One the principle is established, it’s not clear where one draws the line. Is it formal announcement? Mere hinting that one might run? Refusal to categorically deny running if asked a direct question? Rumors that one might run? For that matter, why not make the policy retroactive? Trump’s already famous, largely because of all his television appearances over the last twenty-five years or so. Shouldn’t all the other candidates be given catch-up time?

Also, you know who I’ve suddenly seeing on TV a lot? Anthony Weiner.

FILED UNDER: Campaign 2012, Popular Culture, US Politics,
James Joyner
About James Joyner
James Joyner is Professor and Department Head of Security Studies at Marine Corps University's Command and Staff College and a nonresident senior fellow at the Scowcroft Center for Strategy and Security at the Atlantic Council. He's a former Army officer and Desert Storm vet. Views expressed here are his own. Follow James on Twitter @DrJJoyner.

Comments

  1. steve says:

    Let him stay on. Let the opposition have access to old shows so they can run a “best of” show.

  2. Insert name here says:

    Phillip K. Dick was right… The “News Clown” has come to rule the airwaves.

  3. john personna says:

    It doesn’t matter. He is what he is. If he wins (if we are such an f’d up country that we deserve him), then that’s the story.

  4. TG Chicago says:

    The Fox News case is somewhat different. Having people who are obviously candidates for the Republican nomination on air as “analysts” would not only hurt their reputation…

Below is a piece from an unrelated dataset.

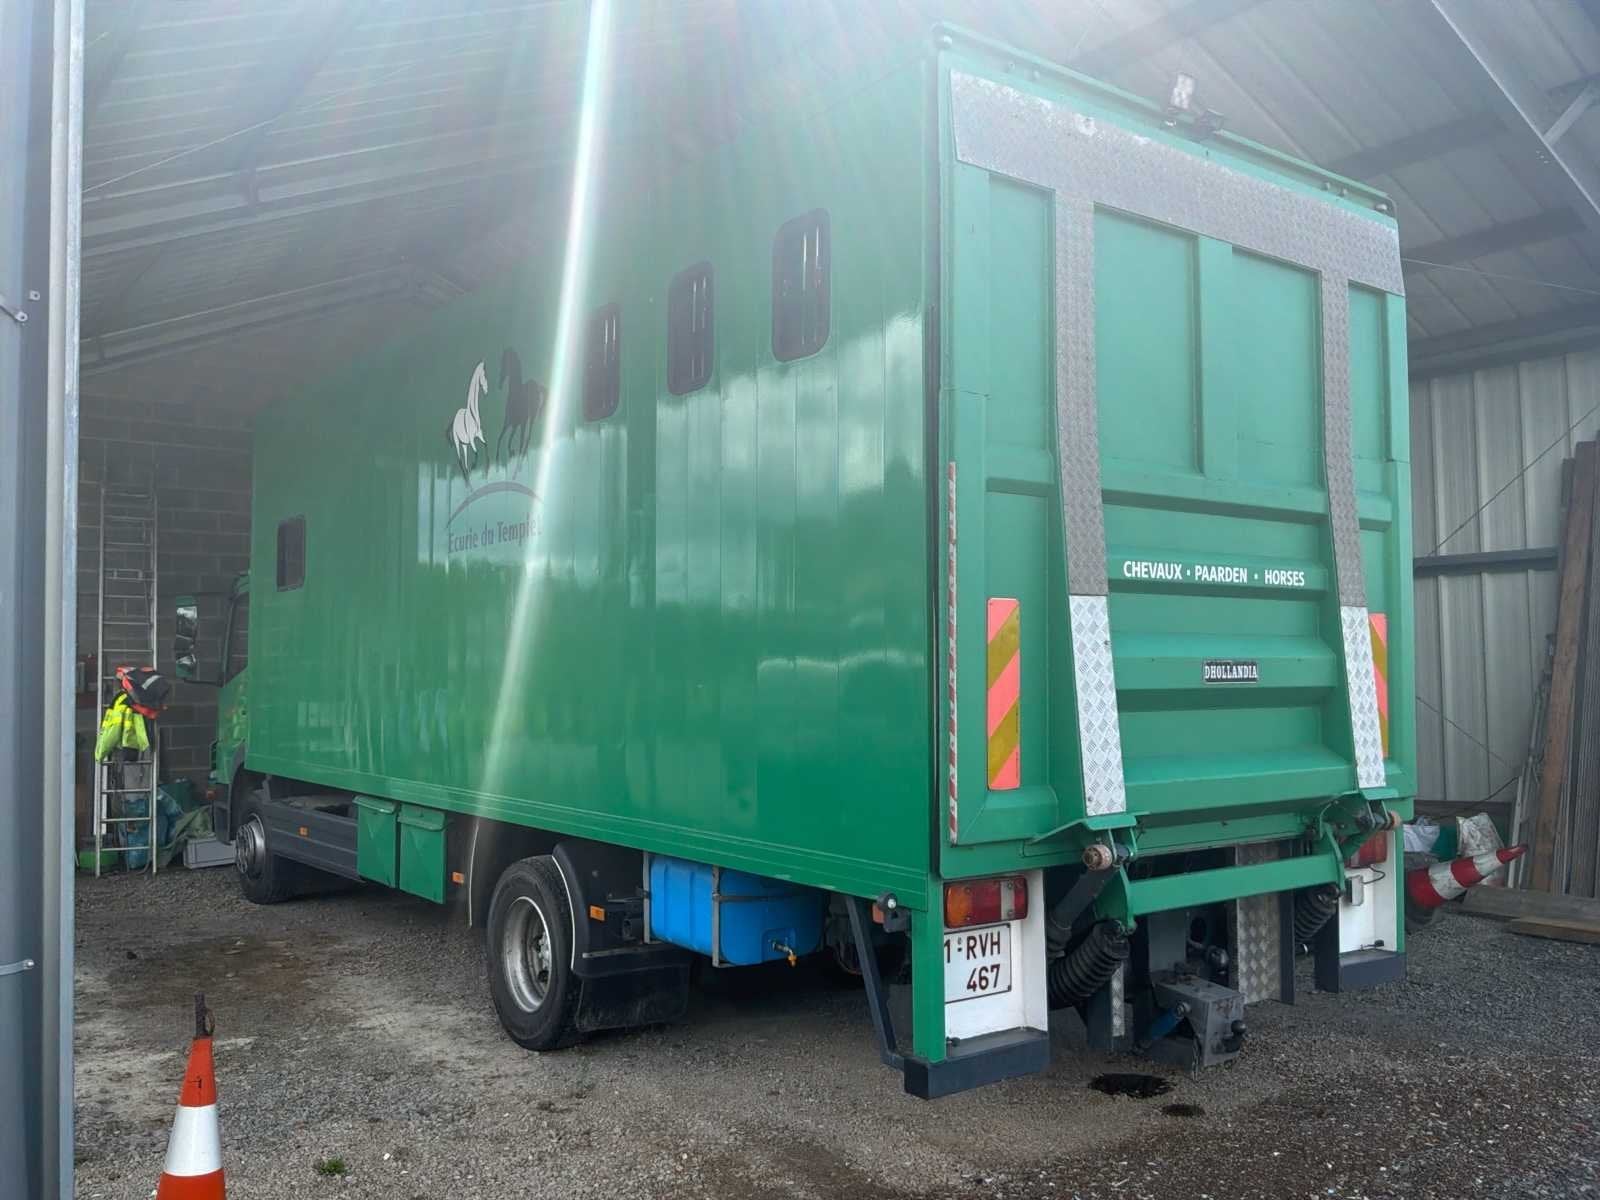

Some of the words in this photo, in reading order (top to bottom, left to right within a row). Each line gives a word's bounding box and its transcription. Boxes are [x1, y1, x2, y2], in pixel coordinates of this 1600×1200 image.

    Thanks for the laugh. It’s sad to see OTB’s continuing decline, though.

  5. James Joyner says:

    @TG Chicago: Having analysts who are conservatives–or even a bit wacky–doesn’t hurt their reputation, since their reputation is as a conservative alternative network. You probably have some idea what Charles Krauthammer or Bill Kristol are going to say before they say it–but you’re getting their opinion.

    But even staunch Republicans would be mad if you had Gingrich on “analyzing” his primary opponents in the guise of being an objective analyst.

  6. michael reynolds says:

    Fire Trump. Keep his hair.

  7. FredW says:

    I don’t think the issue is the “Fairness Doctrine” but the “Equal Time” rule. The other Republican candidates could demand an equal amount of airtime. I don’t think this is so much an issue for cable networks but it is for broadcast (TV and radio).